Please output the entries that follow exactly, without a single image.

+ + + +

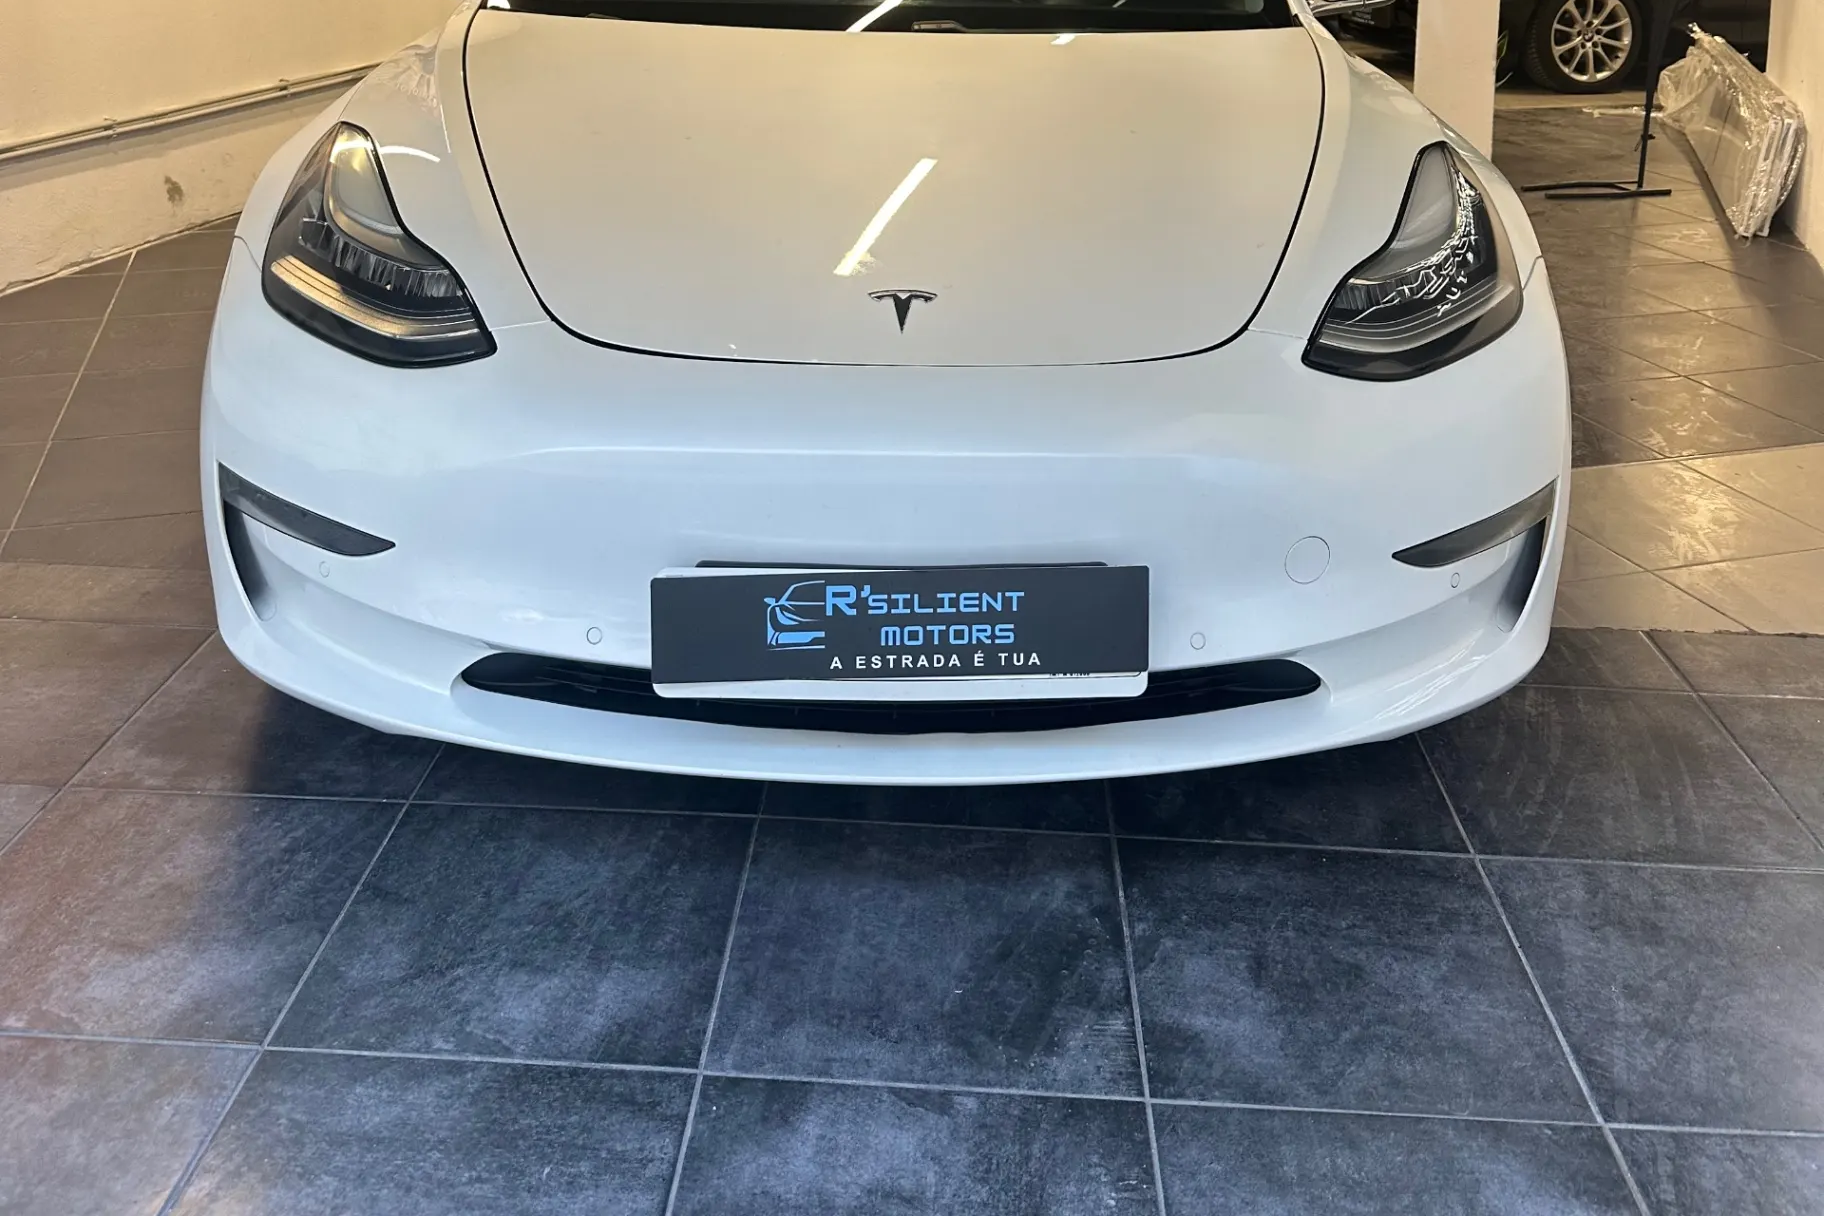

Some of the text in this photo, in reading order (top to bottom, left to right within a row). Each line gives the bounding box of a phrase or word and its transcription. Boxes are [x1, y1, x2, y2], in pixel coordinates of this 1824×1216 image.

[825, 585, 1025, 616] R'SILIENT
[880, 624, 1015, 646] MOTORS
[830, 650, 1041, 670] A ESTRADA É TUA
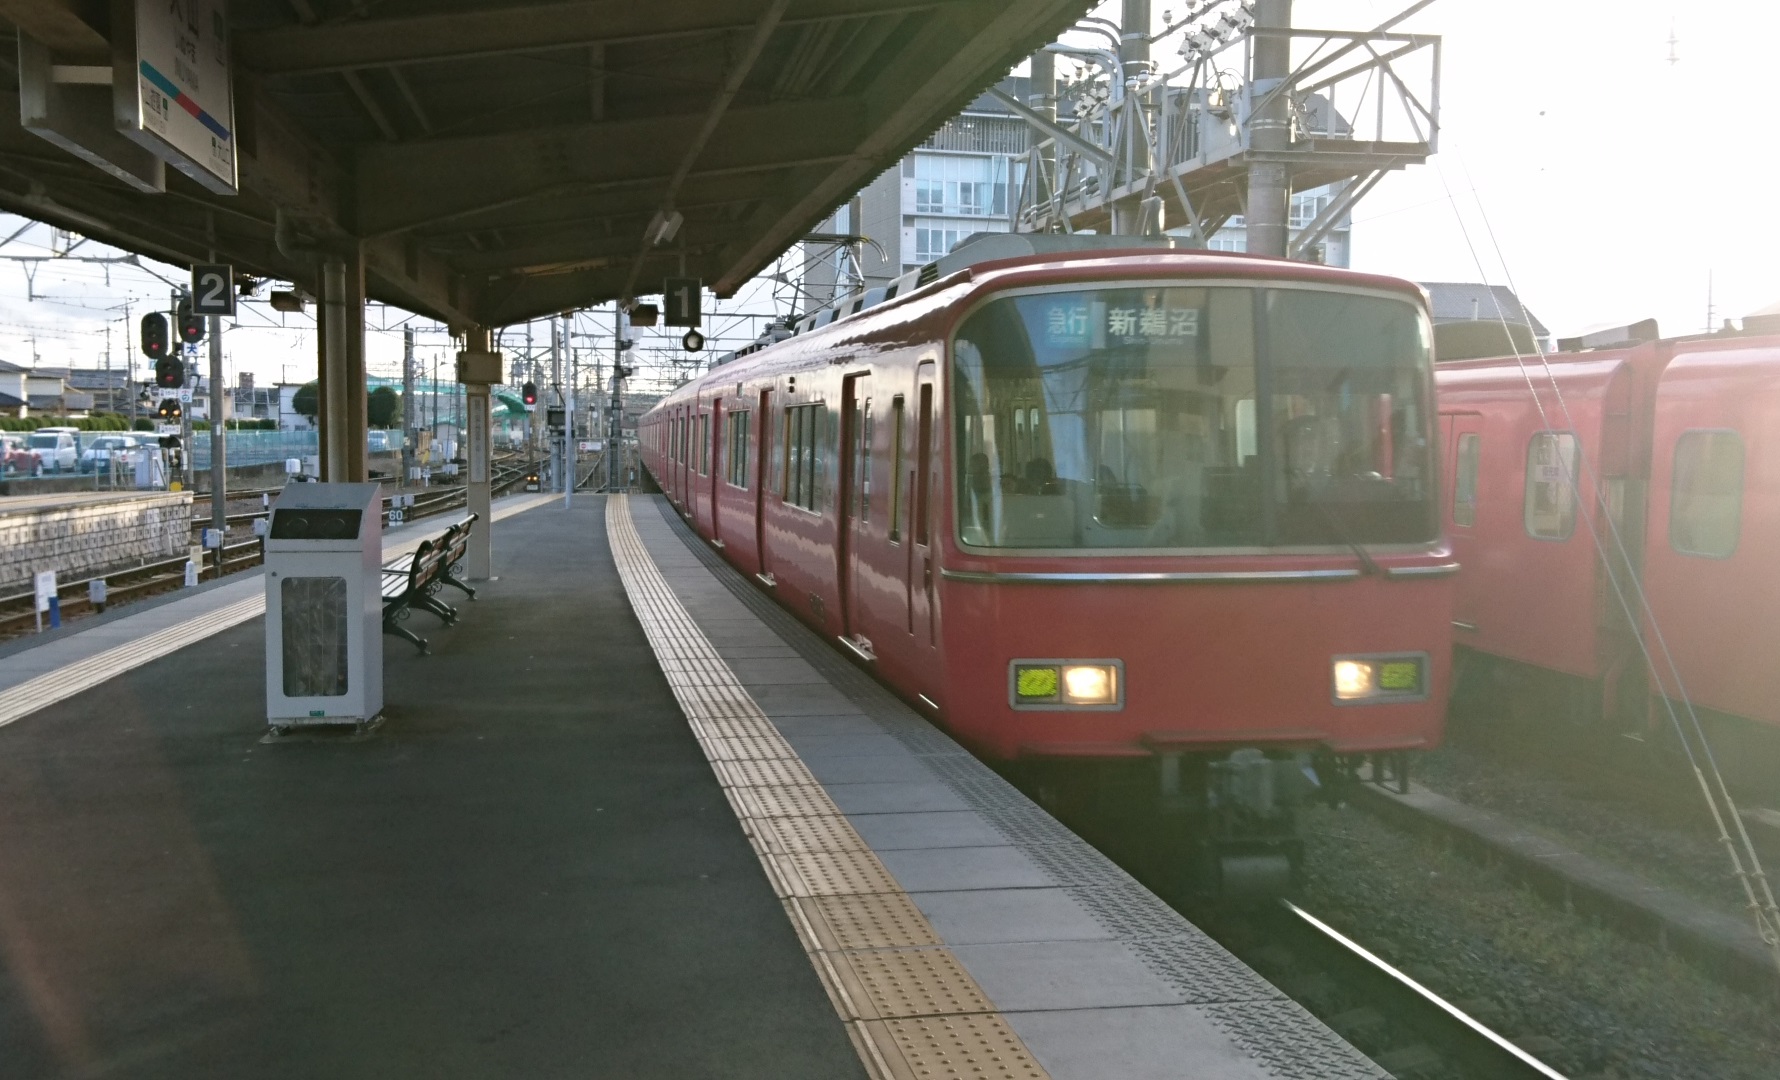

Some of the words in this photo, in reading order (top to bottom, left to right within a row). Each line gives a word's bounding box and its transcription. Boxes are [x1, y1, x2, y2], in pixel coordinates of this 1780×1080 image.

[200, 272, 225, 307] 2
[674, 286, 689, 318] 1
[1047, 307, 1088, 335] 急行
[1108, 307, 1199, 336] 新鵜沼
[388, 510, 403, 521] 60
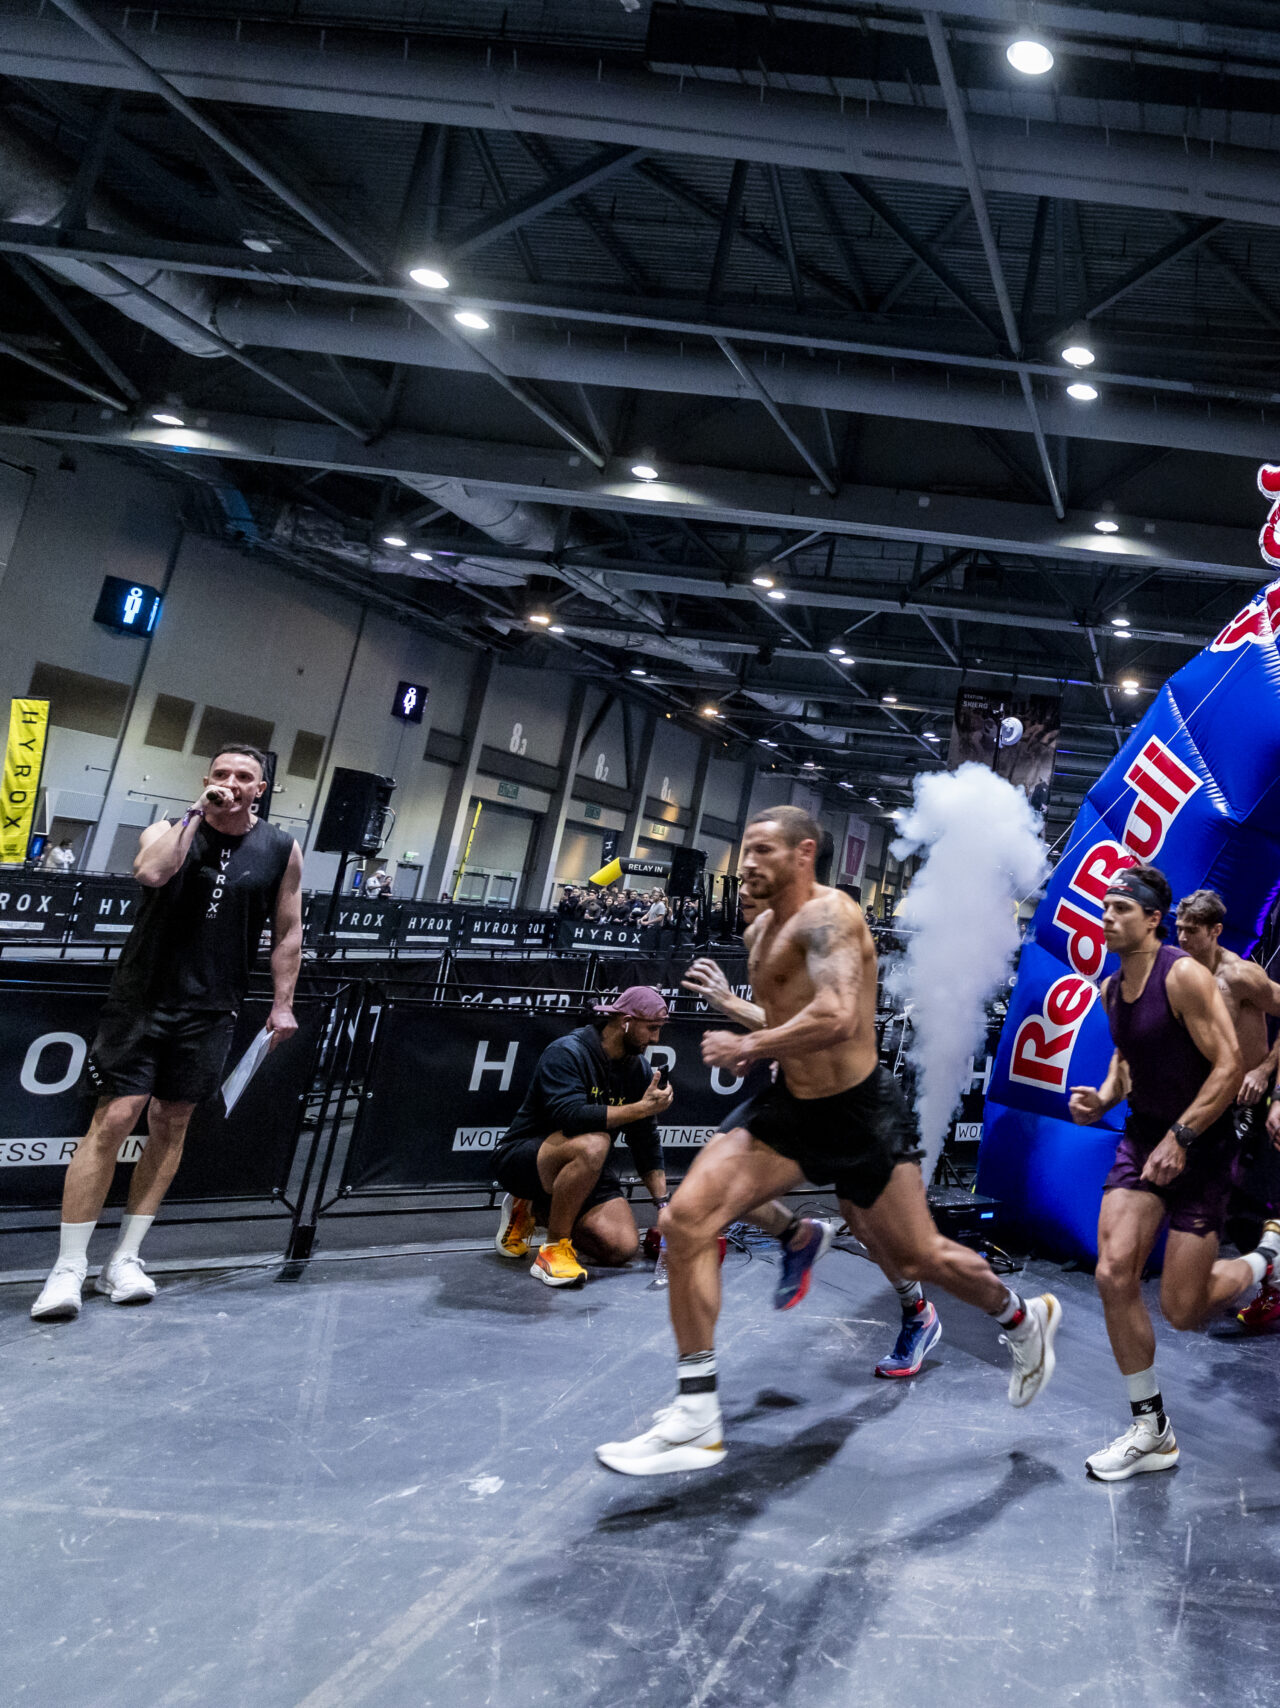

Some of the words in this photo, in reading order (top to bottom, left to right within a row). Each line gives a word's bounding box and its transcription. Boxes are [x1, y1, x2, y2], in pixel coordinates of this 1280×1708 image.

[4, 710, 39, 830] HYROX
[628, 863, 653, 872] RELAY
[207, 848, 231, 914] HYROX
[408, 917, 453, 932] HYROX
[473, 923, 519, 936] HYROX
[574, 927, 642, 944] HYROX

+ + + +

Solution to this exercise >>
Some of the text in this photo, in reading order (top to bottom, left to right within a row). Each line gives the bounding box of a phrase or word and its transcription. Boxes are [x1, y1, x2, y2], in pixel coordinates of this 1824×1216 image.

[825, 585, 1025, 616] R'SILIENT
[880, 624, 1015, 646] MOTORS
[830, 650, 1041, 670] A ESTRADA É TUA

Some of the words in this photo, in reading order (top to bottom, left to right within a row). Each line gives a word's bounding box and its transcription. Boxes are [x1, y1, x2, y2], in pixel coordinates of this 1780×1080 image.

[200, 272, 225, 307] 2
[674, 286, 689, 318] 1
[1047, 307, 1088, 335] 急行
[1108, 307, 1199, 336] 新鵜沼
[388, 510, 403, 521] 60

Some of the words in this photo, in reading order (top to bottom, left to right within a row). Each line gives a word's bounding box and its transcription. Boxes are [x1, y1, x2, y2], in pixel coordinates of this 1280×1708 image.

[4, 710, 39, 830] HYROX
[628, 863, 653, 872] RELAY
[207, 848, 231, 914] HYROX
[408, 917, 453, 932] HYROX
[473, 923, 519, 936] HYROX
[574, 927, 642, 944] HYROX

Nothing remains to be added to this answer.